▸ **Exercise prompt**
In the records below, find the line containing "this 1445×1927 image.", then print it and every following line exactly, through the last, without pictures.

Collected data
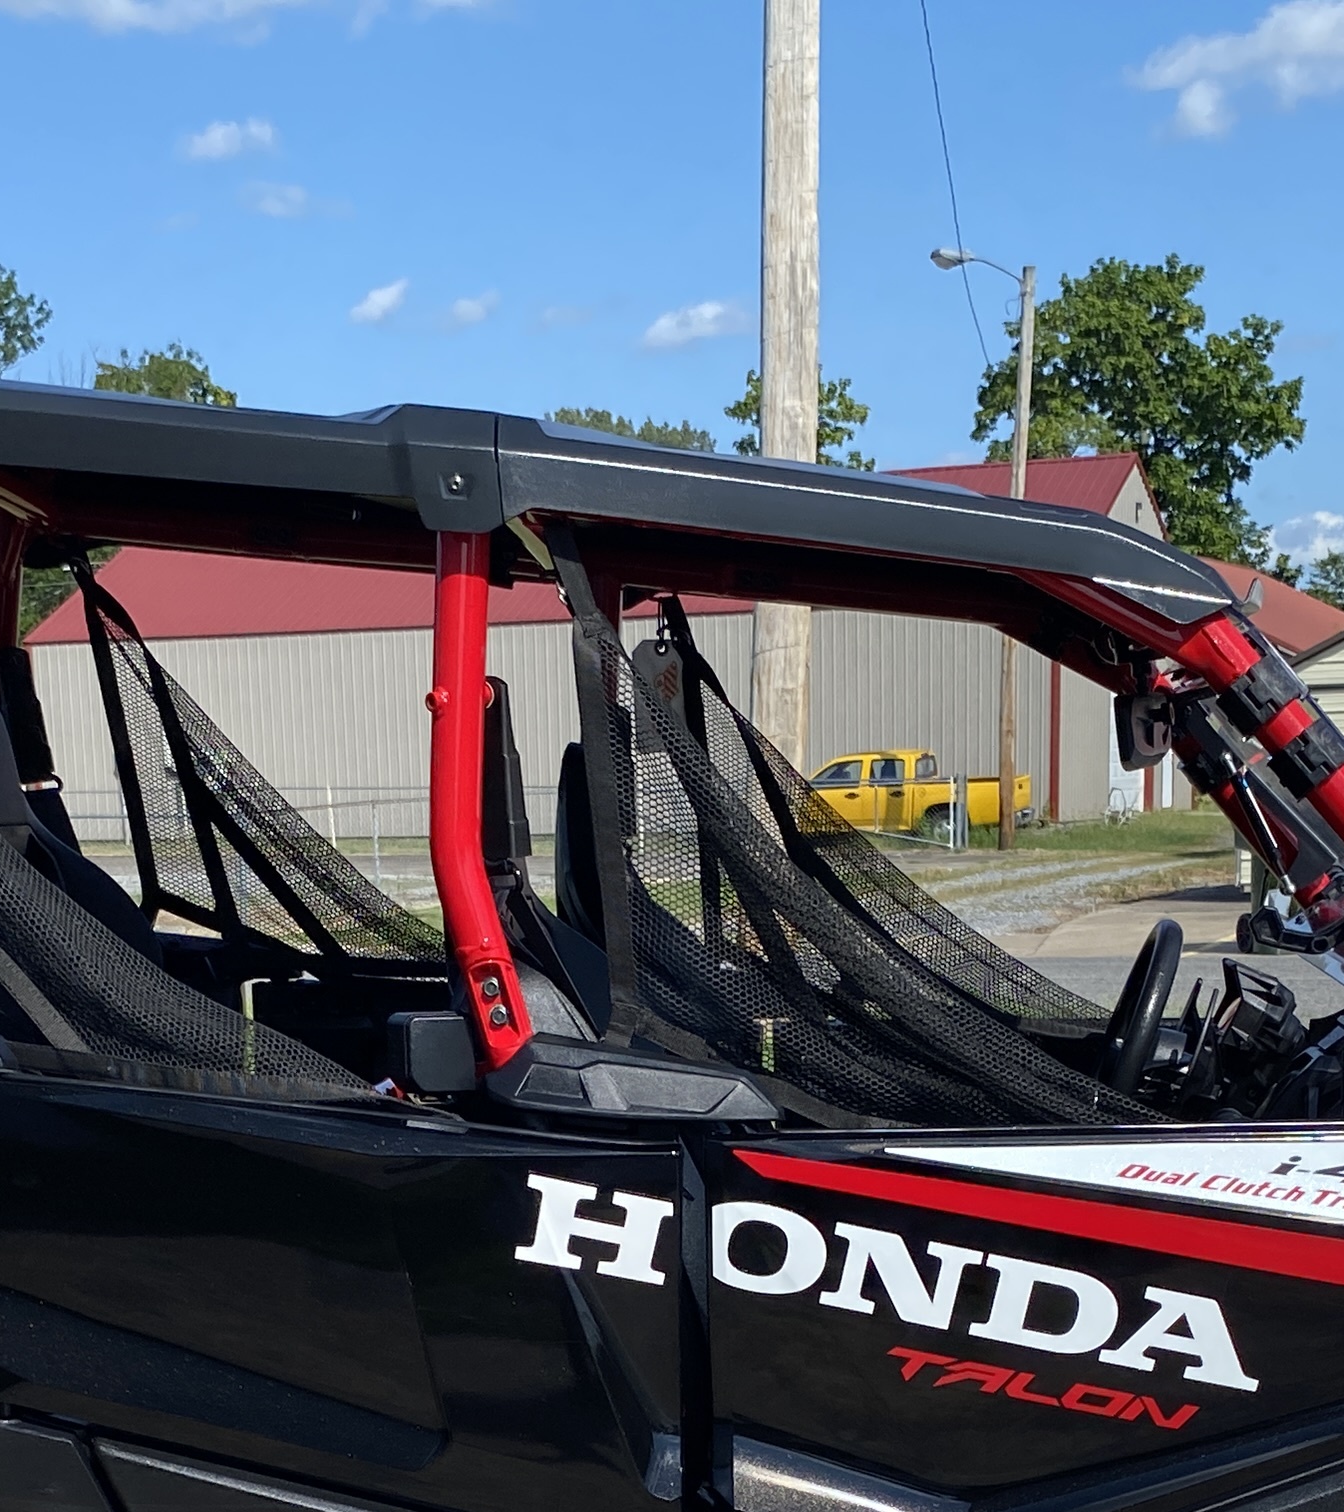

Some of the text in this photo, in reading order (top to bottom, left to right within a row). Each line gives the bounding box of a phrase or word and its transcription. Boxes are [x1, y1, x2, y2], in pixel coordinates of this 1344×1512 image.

[1116, 1163, 1199, 1188] Dual
[1200, 1174, 1306, 1203] Clutch
[513, 1170, 1259, 1392] HONDA
[886, 1345, 1200, 1430] TALON
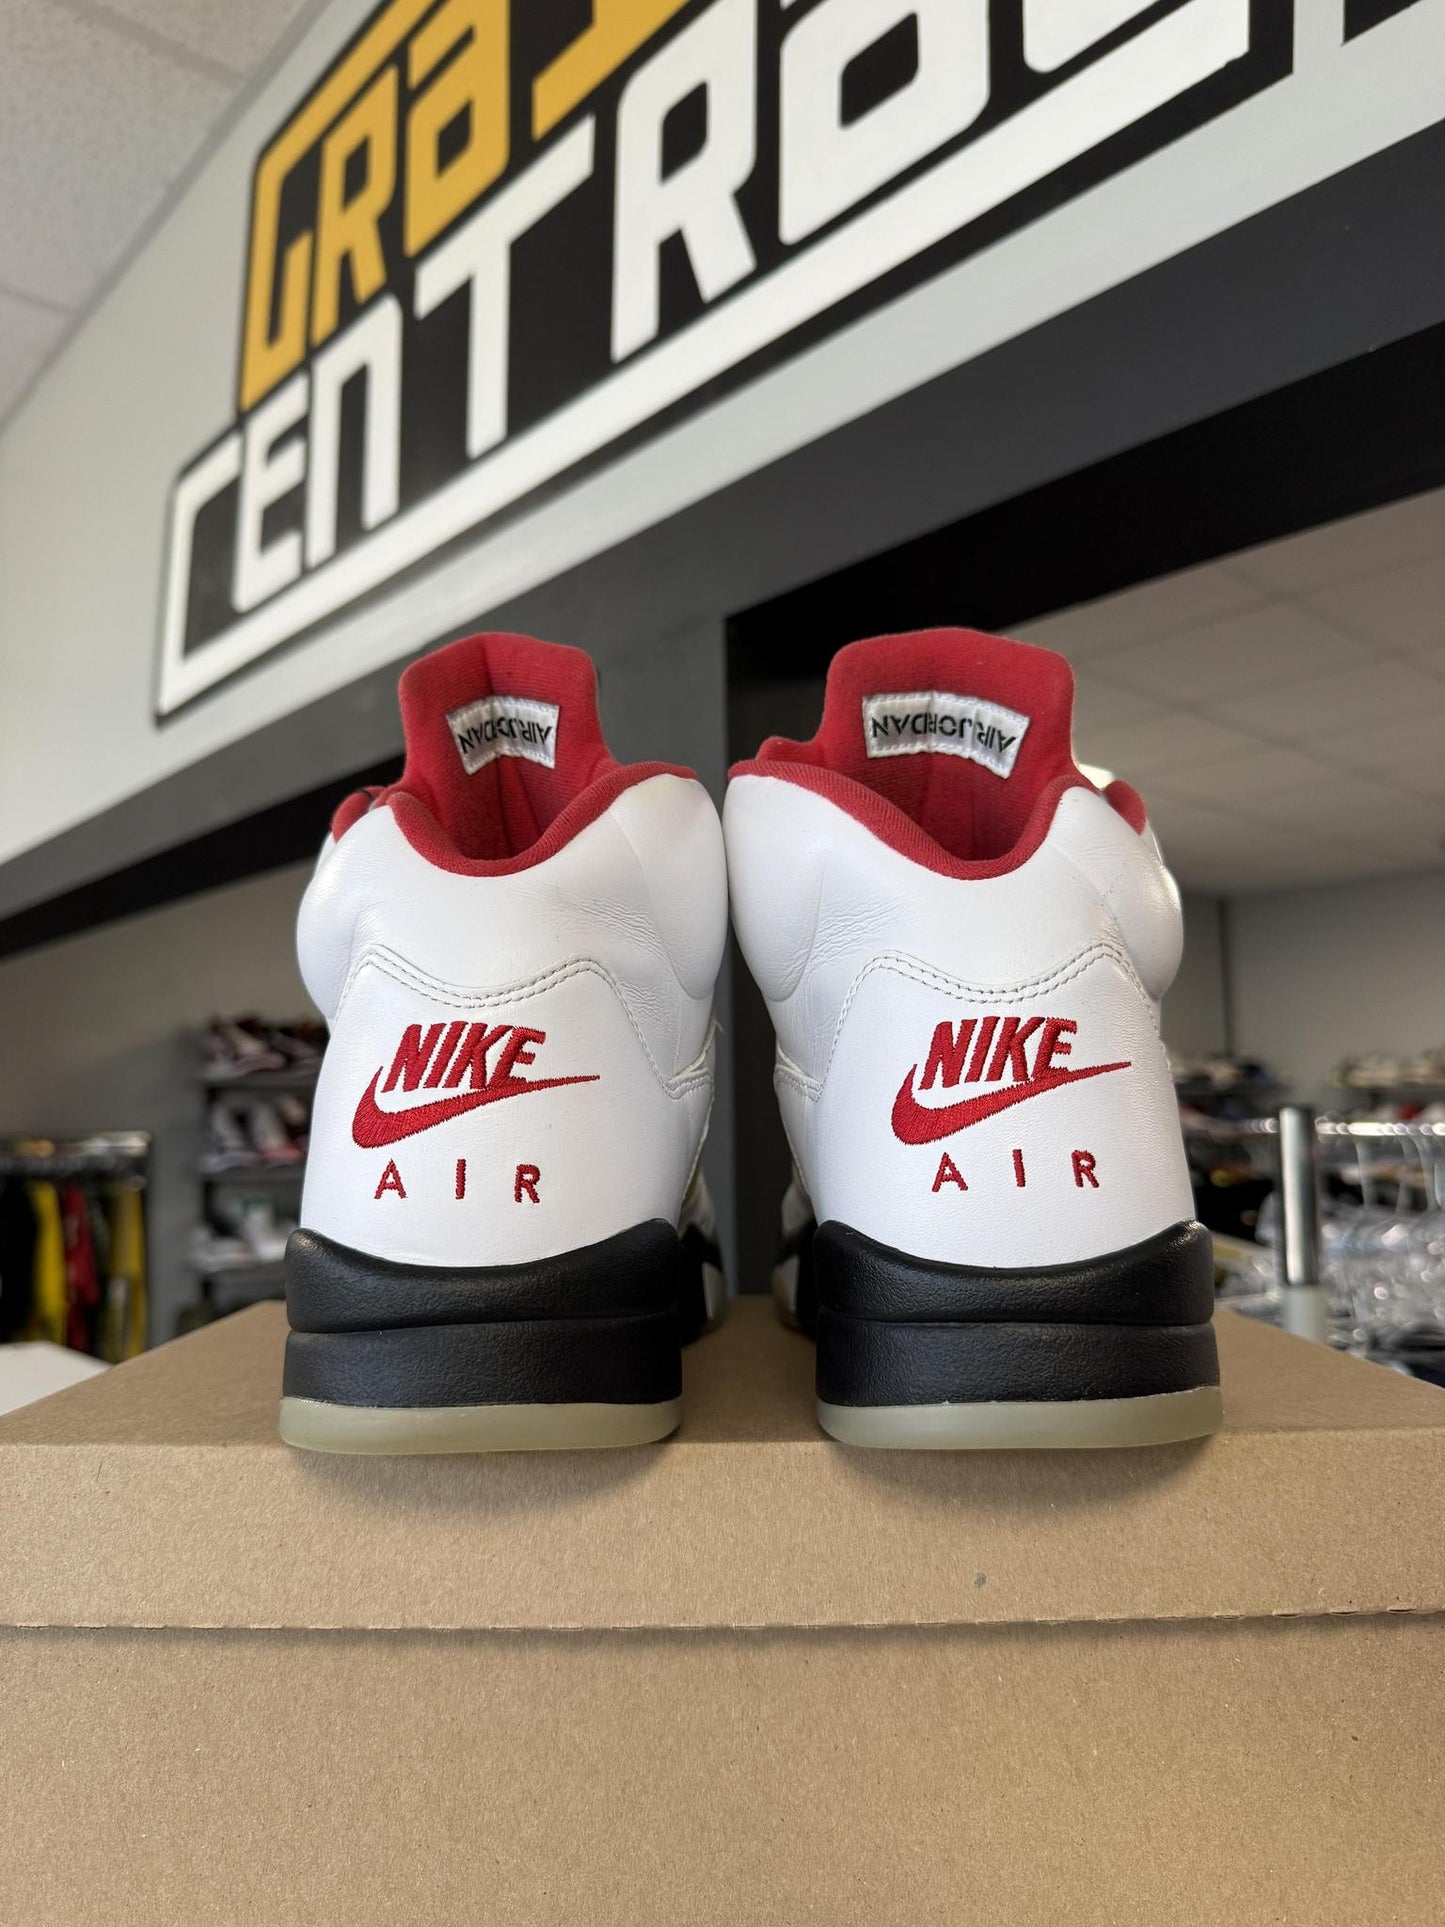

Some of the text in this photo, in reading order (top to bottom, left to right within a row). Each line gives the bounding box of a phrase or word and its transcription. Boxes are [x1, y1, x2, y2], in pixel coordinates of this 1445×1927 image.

[381, 1020, 546, 1093] NIKE
[918, 1016, 1078, 1090] NIKE
[374, 1158, 541, 1204] AIR
[931, 1149, 1100, 1193] AIR
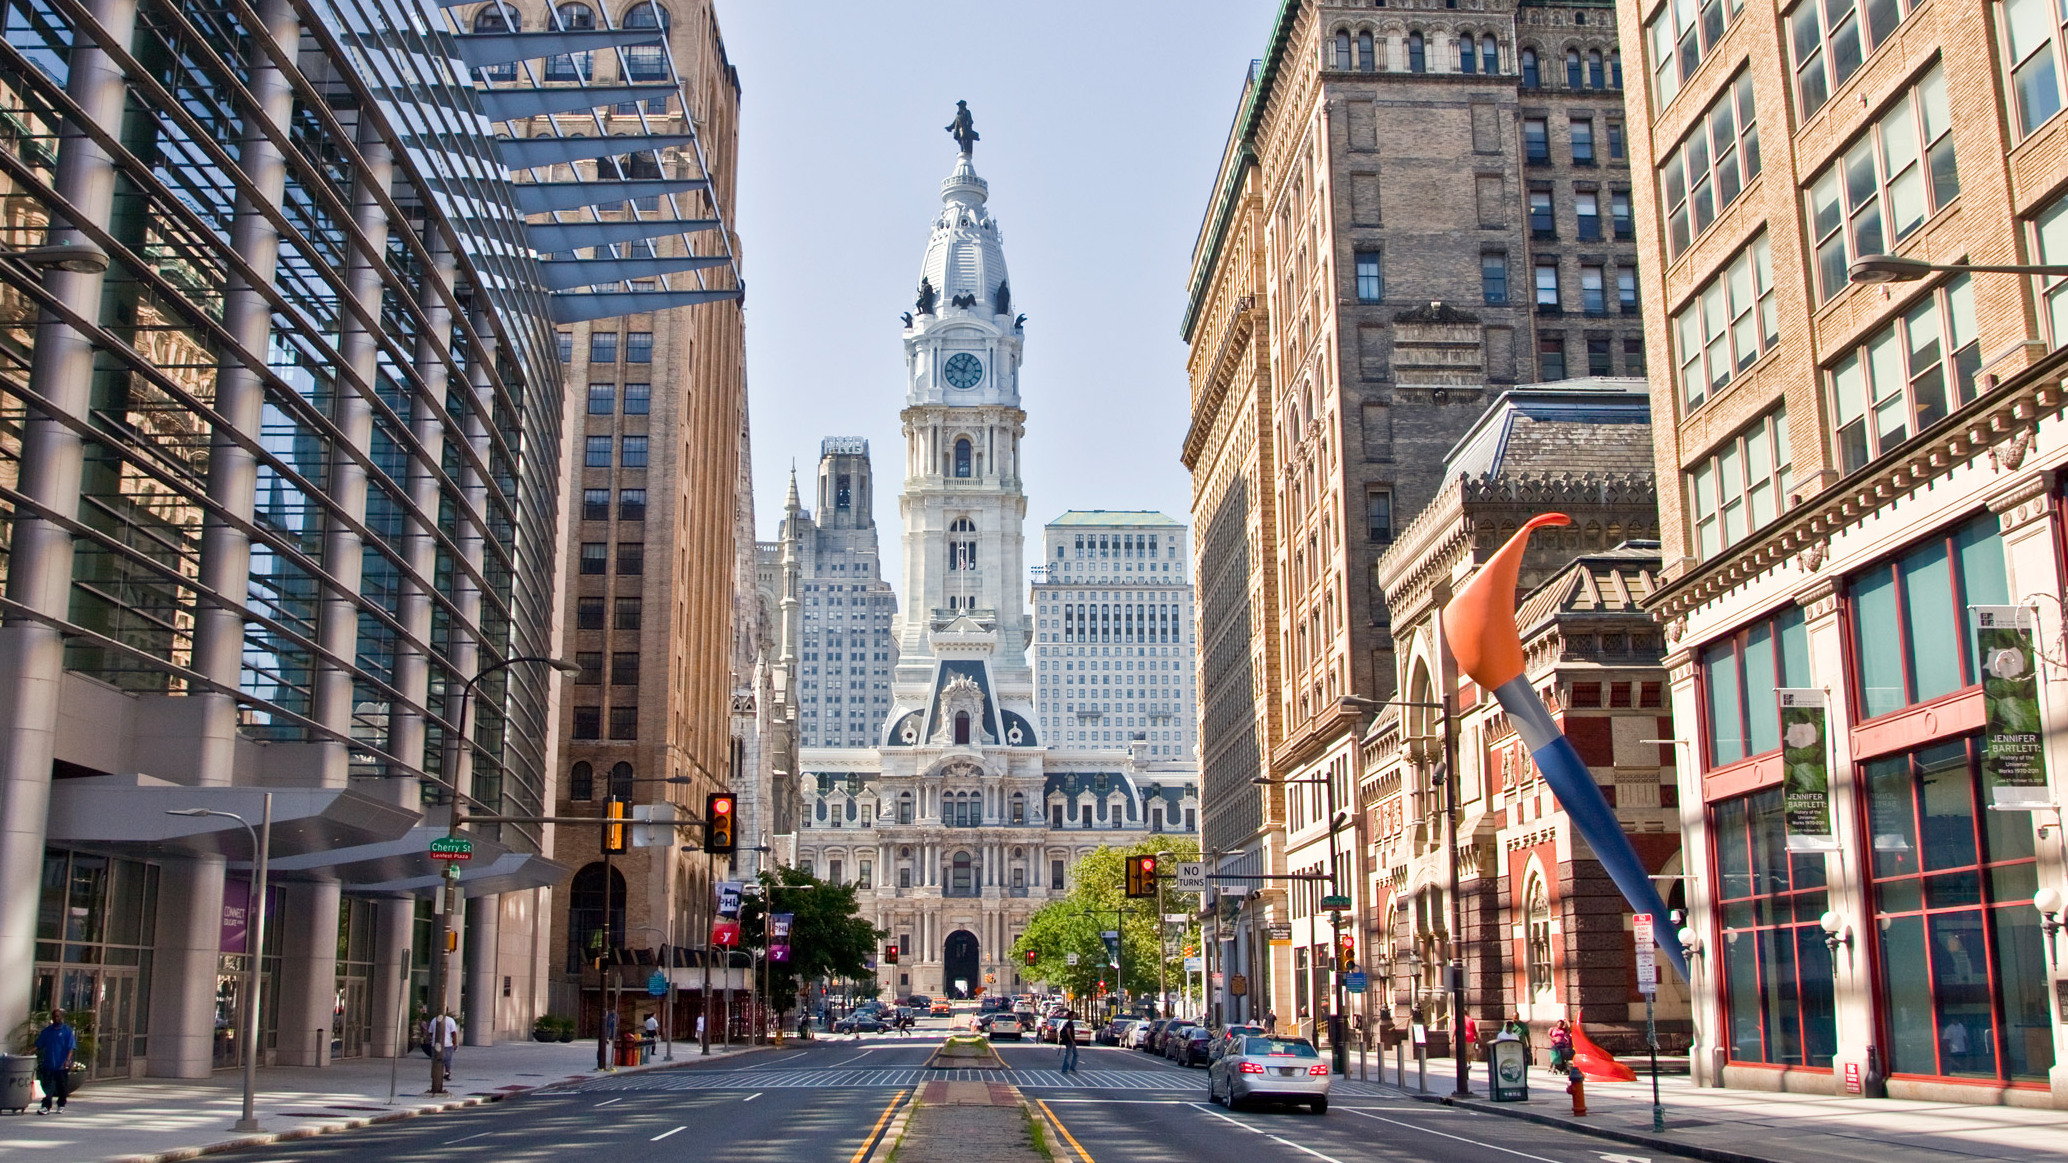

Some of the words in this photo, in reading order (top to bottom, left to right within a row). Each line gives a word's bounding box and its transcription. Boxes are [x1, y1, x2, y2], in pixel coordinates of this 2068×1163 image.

[824, 435, 864, 455] PNB
[1991, 734, 2036, 743] JENNIFER
[1992, 744, 2042, 753] BARTLETT:
[1787, 793, 1823, 801] JENNIFER
[431, 843, 460, 853] Cherry
[462, 844, 471, 852] St
[1183, 866, 1199, 876] NO
[1179, 878, 1204, 887] TURNS
[224, 905, 246, 918] CONNECT

▸ **Answer box**
Some of the text in this photo, in reading order (top to bottom, left to right within a row). Each line gives the bounding box of a phrase or word and its transcription. Boxes are [x1, y1, x2, y2], in pixel coordinates of this 1445×1927 image.

[381, 1020, 546, 1093] NIKE
[918, 1016, 1078, 1090] NIKE
[374, 1158, 541, 1204] AIR
[931, 1149, 1100, 1193] AIR

Some of the words in this photo, in reading order (top to bottom, left to right within a row). Each line gives a word's bounding box and its transcription. Boxes are [x1, y1, x2, y2], in pixel coordinates of this 2068×1163 image.

[824, 435, 864, 455] PNB
[1991, 734, 2036, 743] JENNIFER
[1992, 744, 2042, 753] BARTLETT:
[1787, 793, 1823, 801] JENNIFER
[431, 843, 460, 853] Cherry
[462, 844, 471, 852] St
[1183, 866, 1199, 876] NO
[1179, 878, 1204, 887] TURNS
[224, 905, 246, 918] CONNECT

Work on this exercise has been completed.